Отвечать было нечего; герцог поклонился и вышел с яростью в душе.
Ему не терпелось повидать Генриха Наваррского и поговорить с ним о том, что сейчас произошло; но увиделся он только с Екатериной: Генрих уклонялся от разговора, а королева-мать, наоборот, его искала.
Увидев Екатерину, герцог подавил скорбь и постарался улыбнуться. Он не был так находчив, как Генрих Анжуйский, и искал в Екатерине не мать, а лишь союзницу.
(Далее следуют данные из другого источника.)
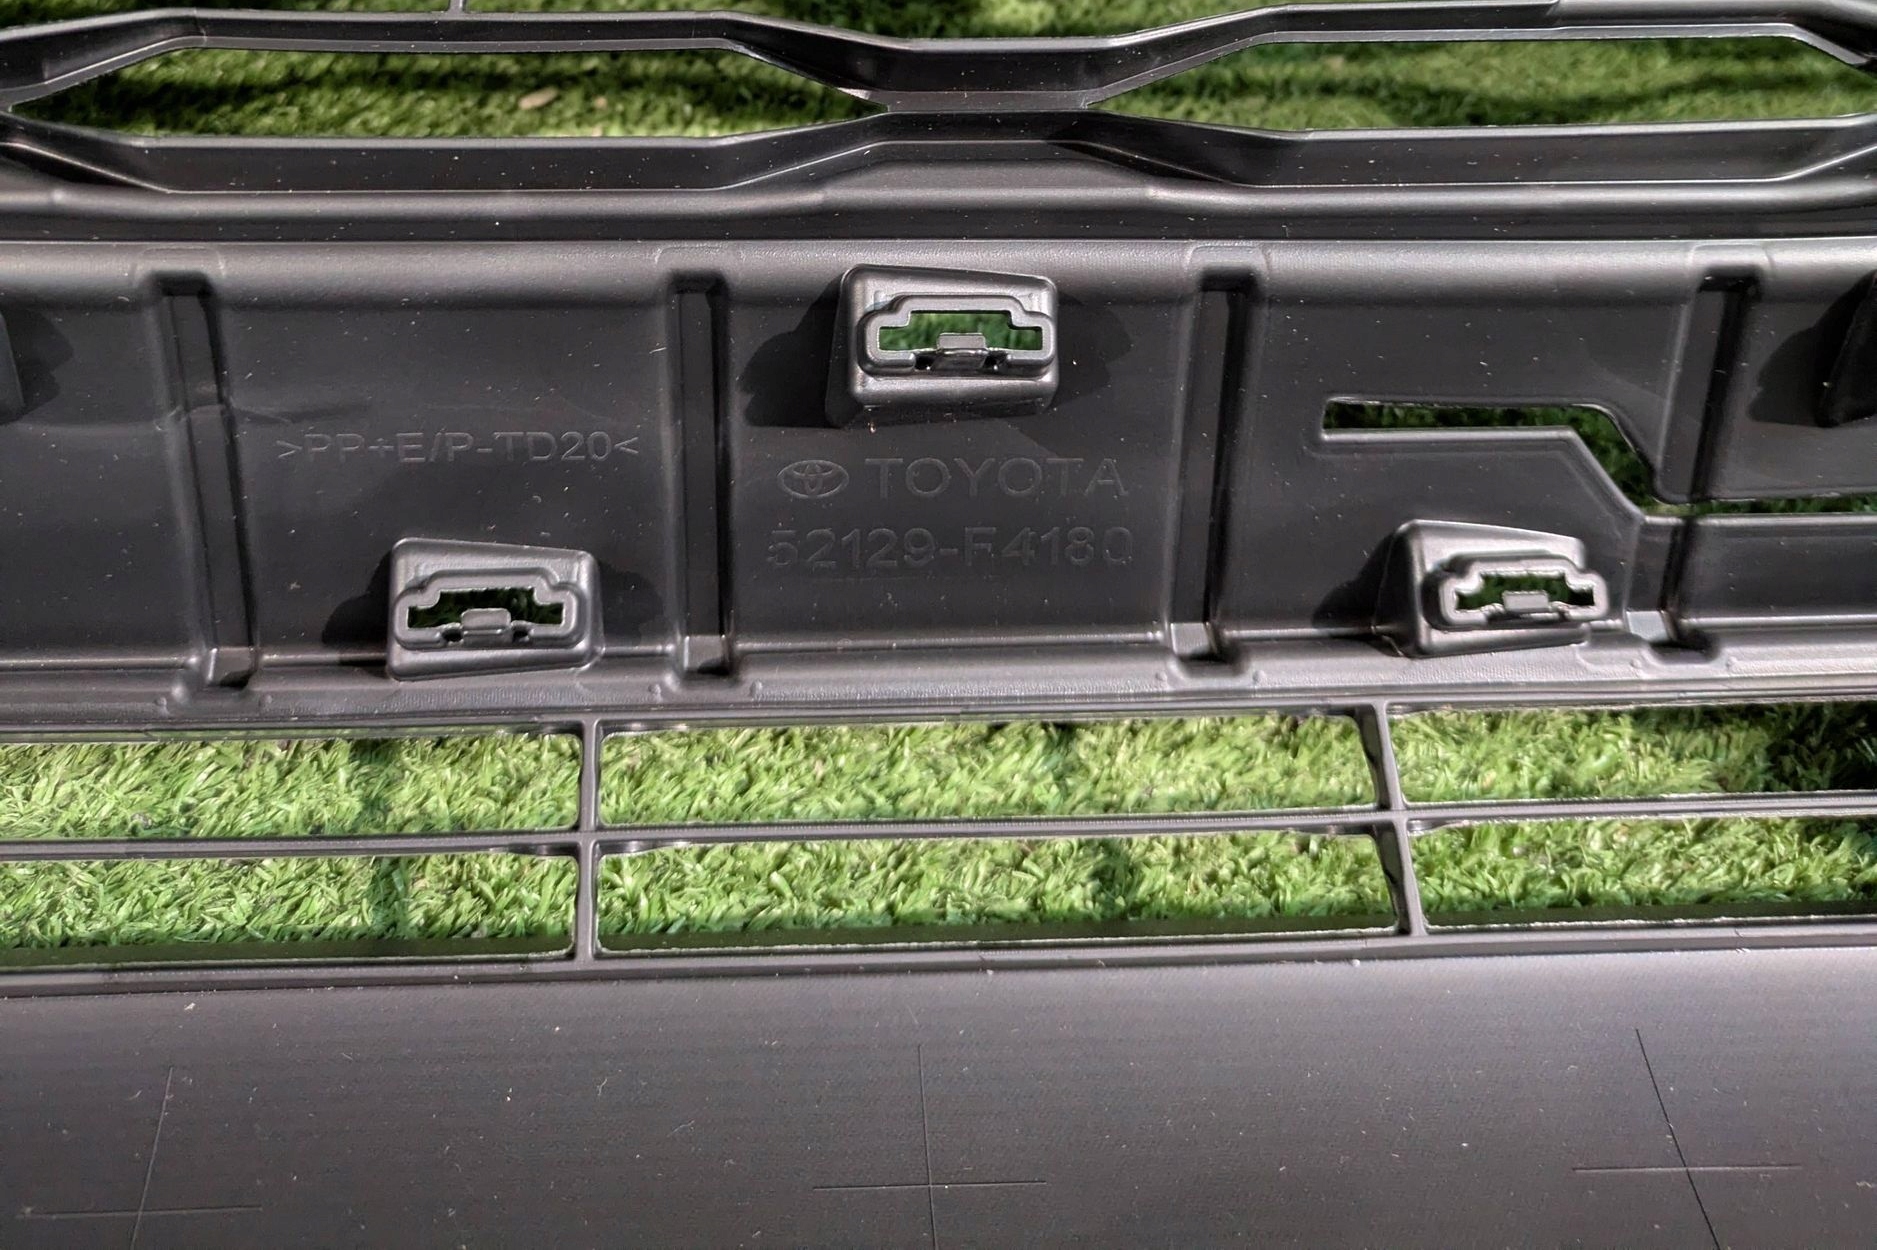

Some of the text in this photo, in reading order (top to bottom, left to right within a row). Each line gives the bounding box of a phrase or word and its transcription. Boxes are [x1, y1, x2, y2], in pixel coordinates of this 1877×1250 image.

[276, 430, 639, 462] >PP+E/P-TD20<
[865, 457, 1129, 498] TOYOTA
[766, 526, 1135, 568] 52129-F4180
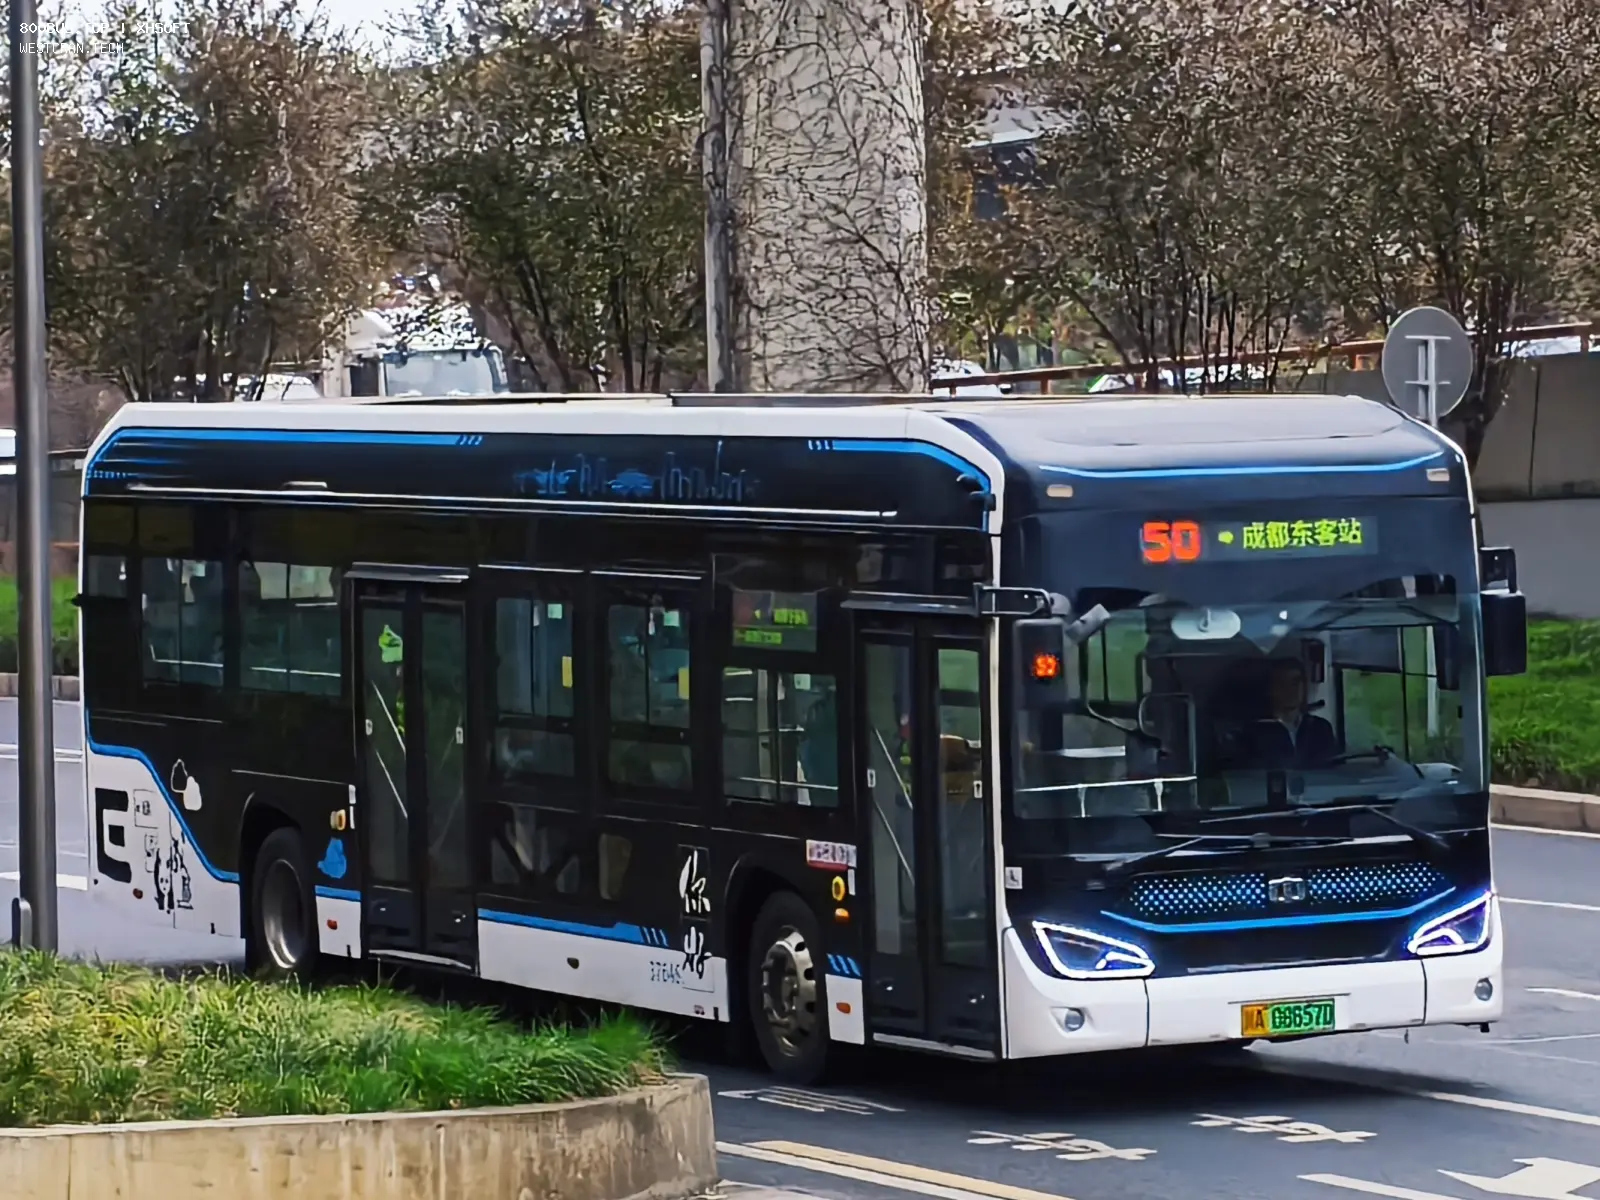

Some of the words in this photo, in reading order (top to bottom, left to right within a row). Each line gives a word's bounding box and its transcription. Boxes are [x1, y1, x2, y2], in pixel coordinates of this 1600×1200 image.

[1142, 520, 1201, 563] 50
[1243, 517, 1362, 549] 成都东客站
Франсуа скрытничал и притворялся перед ней, будучи убежден, что для доброго союза необходимо слегка обманывать друг друга.
Так и теперь – он подошел к Екатерине, сделав лицо, на котором только проглядывали едва заметные следы тревоги.
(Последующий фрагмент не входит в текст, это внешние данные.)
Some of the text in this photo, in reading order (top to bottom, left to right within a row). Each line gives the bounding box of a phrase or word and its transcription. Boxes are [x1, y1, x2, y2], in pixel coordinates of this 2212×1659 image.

– О! Какие новости, мадам! Вы не знаете?
– Я знаю, месье, что вас собираются сделать королем.
– Мой брат так добр, мадам.
– Вот как?
– Но мне хочется думать, что половину своей признательности я должен отдать вам: ведь если совет подарить мне престол дали вы, то, значит, я буду этим обязан вам; хотя признаюсь: в глубине души мне больно грабить так короля Наваррского.
– А вы, по-видимому, очень любите Анрио, мой сын?
– Да, да! С некоторых пор мы стали очень близки.
– И вы думаете, что он вас любит так же, как вы его?
– Надеюсь, мадам.
– Знаете, такая дружба очень назидательна, в особенности между принцами. Но придворные узы дружбы, милый Франсуа, считаются непрочными.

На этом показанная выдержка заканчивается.